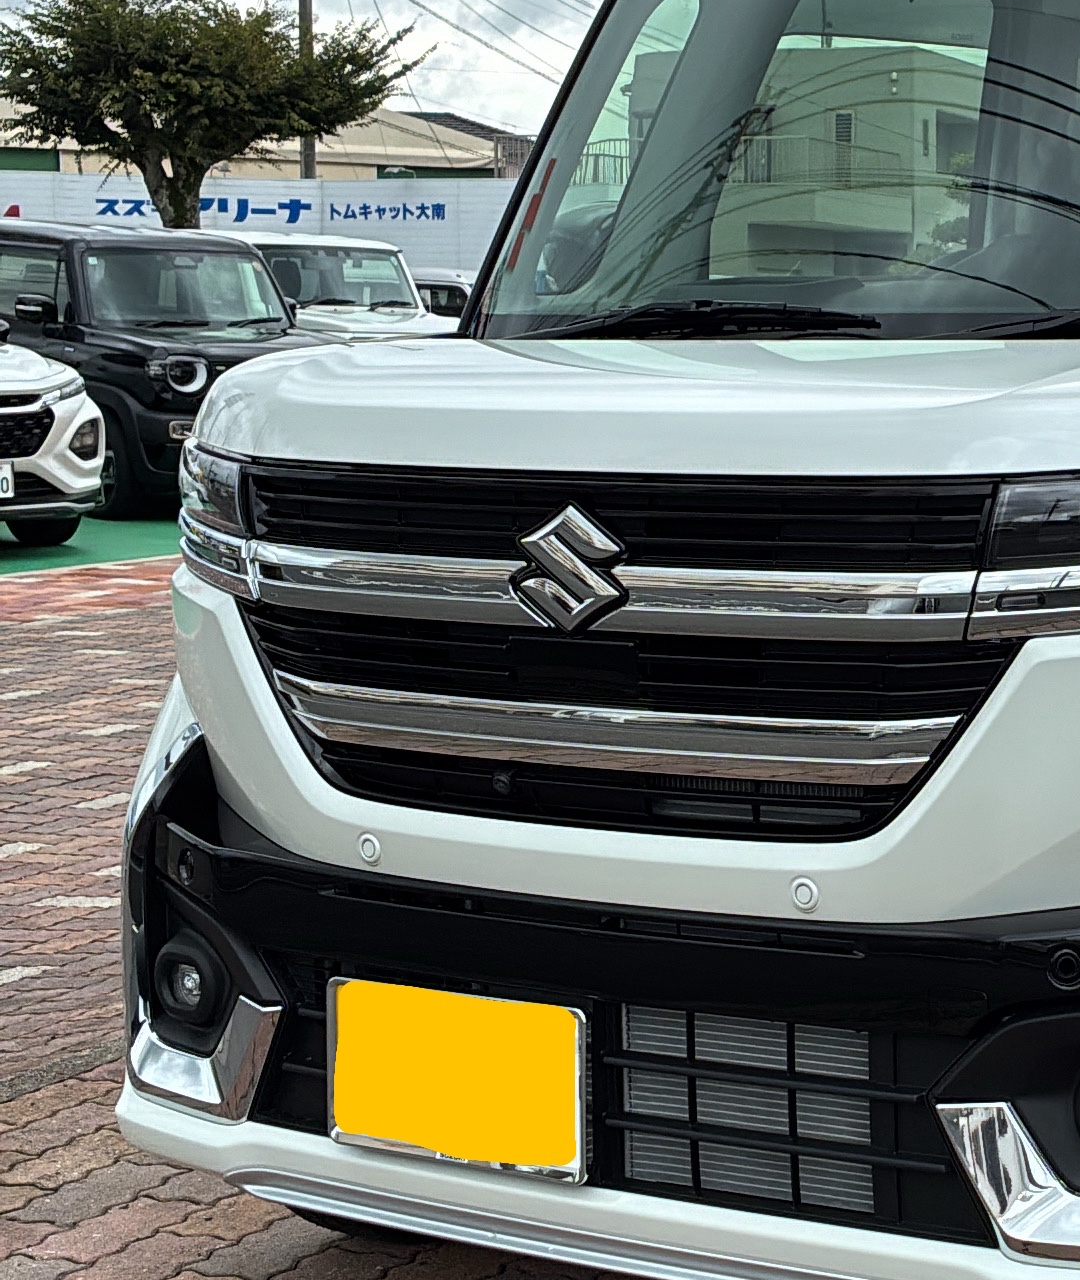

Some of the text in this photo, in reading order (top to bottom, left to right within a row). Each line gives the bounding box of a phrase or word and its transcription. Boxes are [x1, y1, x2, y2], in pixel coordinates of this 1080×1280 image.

[329, 203, 446, 221] トムキャット大南
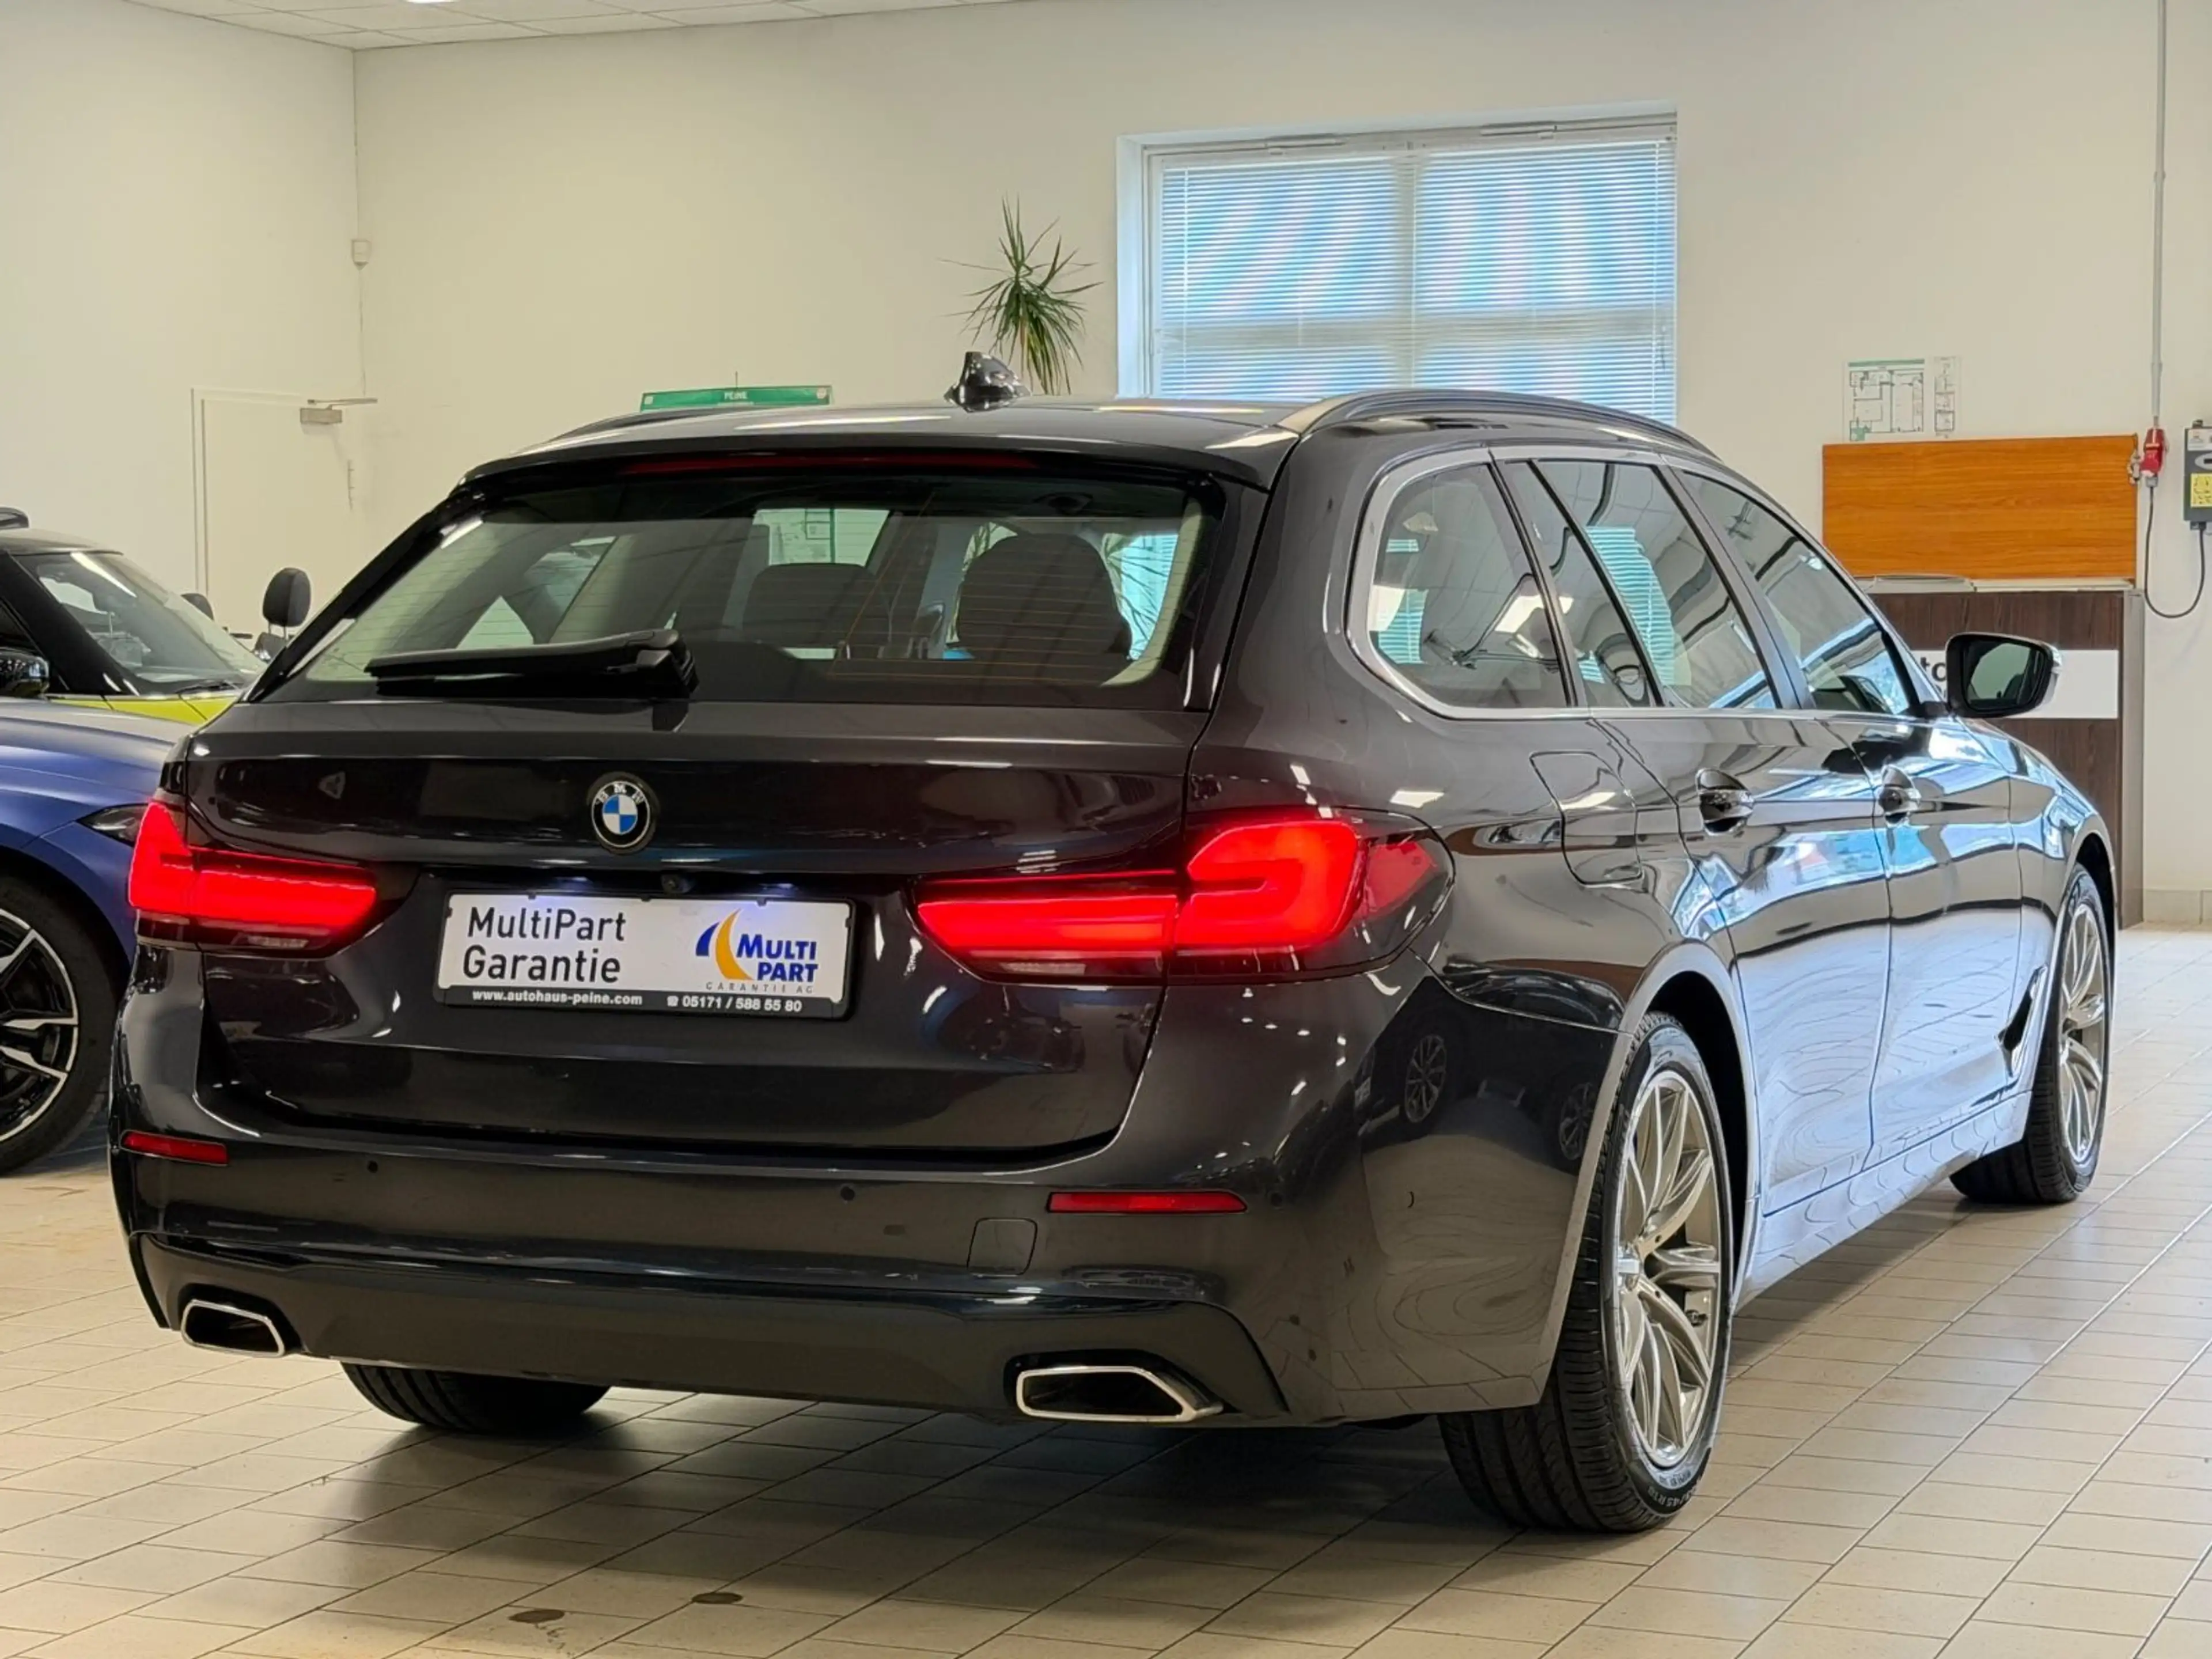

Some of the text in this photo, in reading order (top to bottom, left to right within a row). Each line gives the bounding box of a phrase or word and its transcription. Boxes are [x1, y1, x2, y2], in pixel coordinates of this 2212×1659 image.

[595, 783, 645, 805] BMW
[468, 907, 626, 941] MultiPart
[736, 934, 817, 960] MULTI
[463, 944, 620, 983] Garantie
[757, 961, 819, 982] PART
[472, 990, 642, 1005] www.autohaus-peine.com
[706, 982, 813, 994] GARANTIE AG
[682, 995, 721, 1008] 05171
[785, 1000, 802, 1012] 80
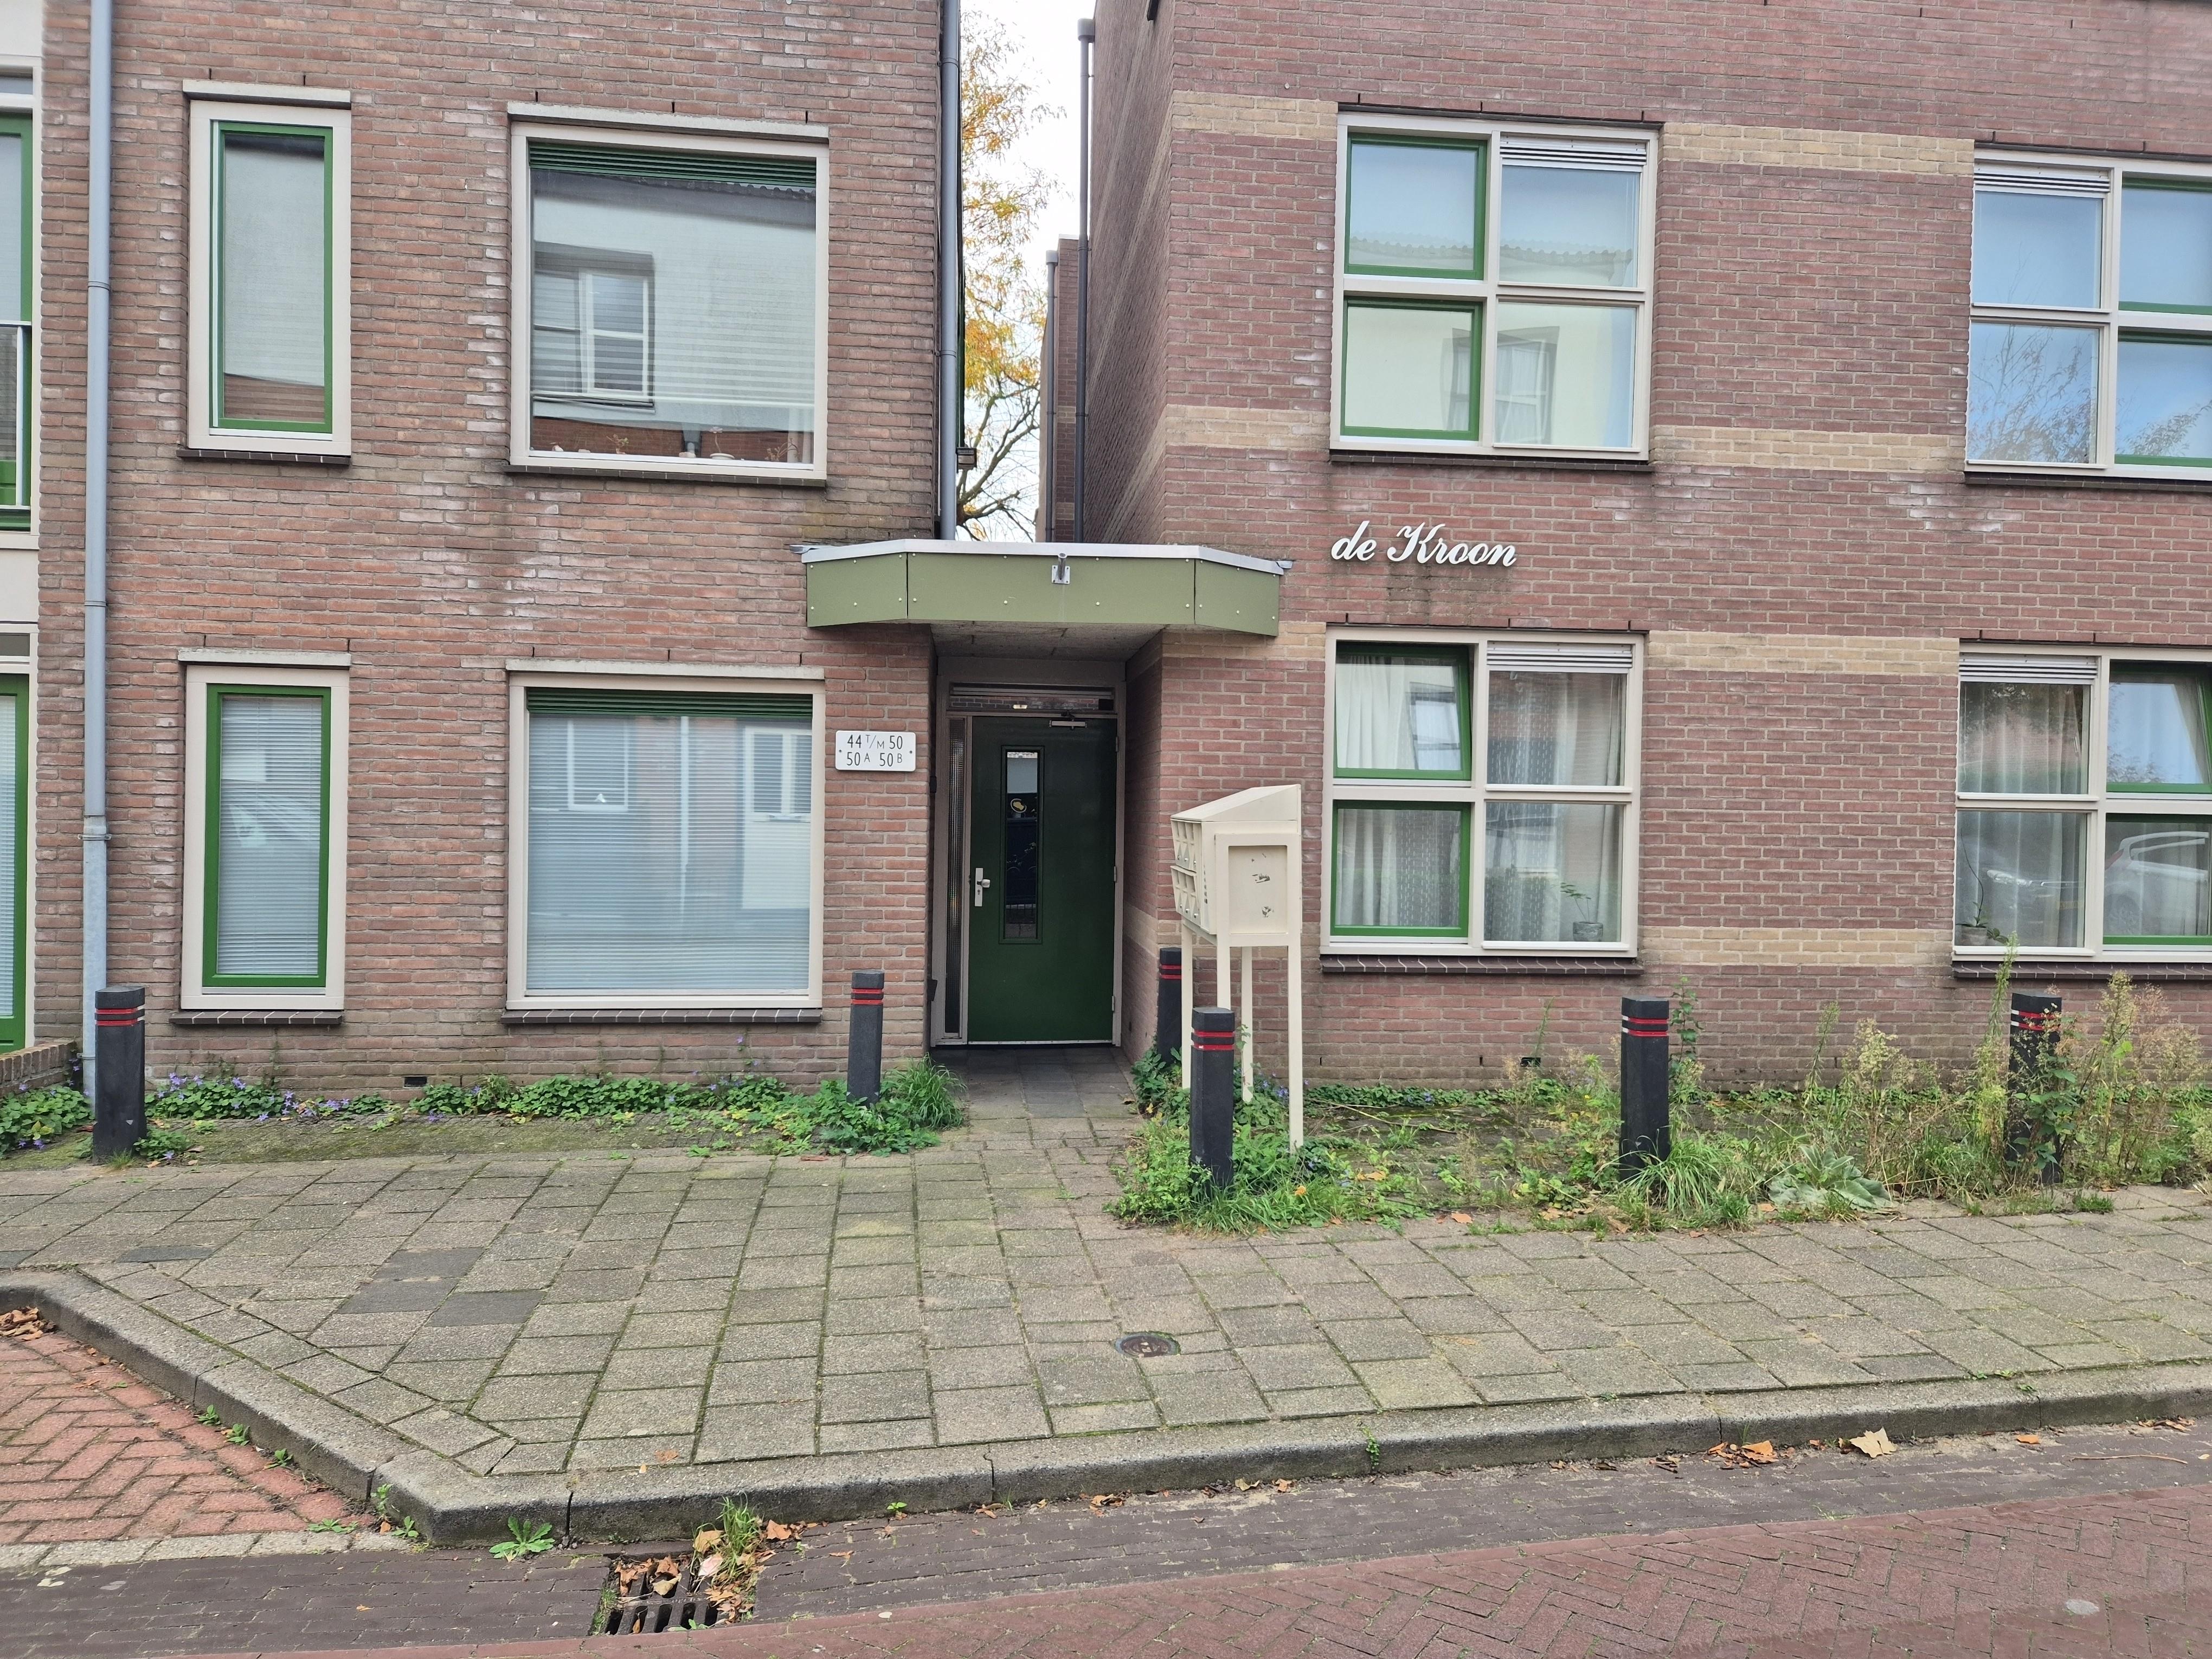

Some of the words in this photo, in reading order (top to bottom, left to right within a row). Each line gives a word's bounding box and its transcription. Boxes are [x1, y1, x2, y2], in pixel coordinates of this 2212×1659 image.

[1331, 520, 1377, 561] de
[1386, 522, 1516, 567] Kroon
[847, 734, 861, 749] 44
[889, 735, 903, 749] 50
==========
Set the entries down exactly, but not the pictures.

# [EXERCISE RESULT]
Some of the text in this photo, in reading order (top to bottom, left to right within a row). Each line gives the bounding box of a phrase or word and its transcription. Boxes are [x1, y1, x2, y2], in pixel coordinates of this 1080×1280 image.

[329, 203, 446, 221] トムキャット大南

Some of the text in this photo, in reading order (top to bottom, left to right within a row). Each line gives the bounding box of a phrase or word and its transcription. Boxes are [x1, y1, x2, y2], in pixel coordinates of this 2212×1659 image.

[595, 783, 645, 805] BMW
[468, 907, 626, 941] MultiPart
[736, 934, 817, 960] MULTI
[463, 944, 620, 983] Garantie
[757, 961, 819, 982] PART
[472, 990, 642, 1005] www.autohaus-peine.com
[706, 982, 813, 994] GARANTIE AG
[682, 995, 721, 1008] 05171
[785, 1000, 802, 1012] 80

Some of the words in this photo, in reading order (top to bottom, left to right within a row). Each line gives a word's bounding box and its transcription. Boxes are [x1, y1, x2, y2], in pixel coordinates of this 2212×1659 image.

[1331, 520, 1377, 561] de
[1386, 522, 1516, 567] Kroon
[847, 734, 861, 749] 44
[889, 735, 903, 749] 50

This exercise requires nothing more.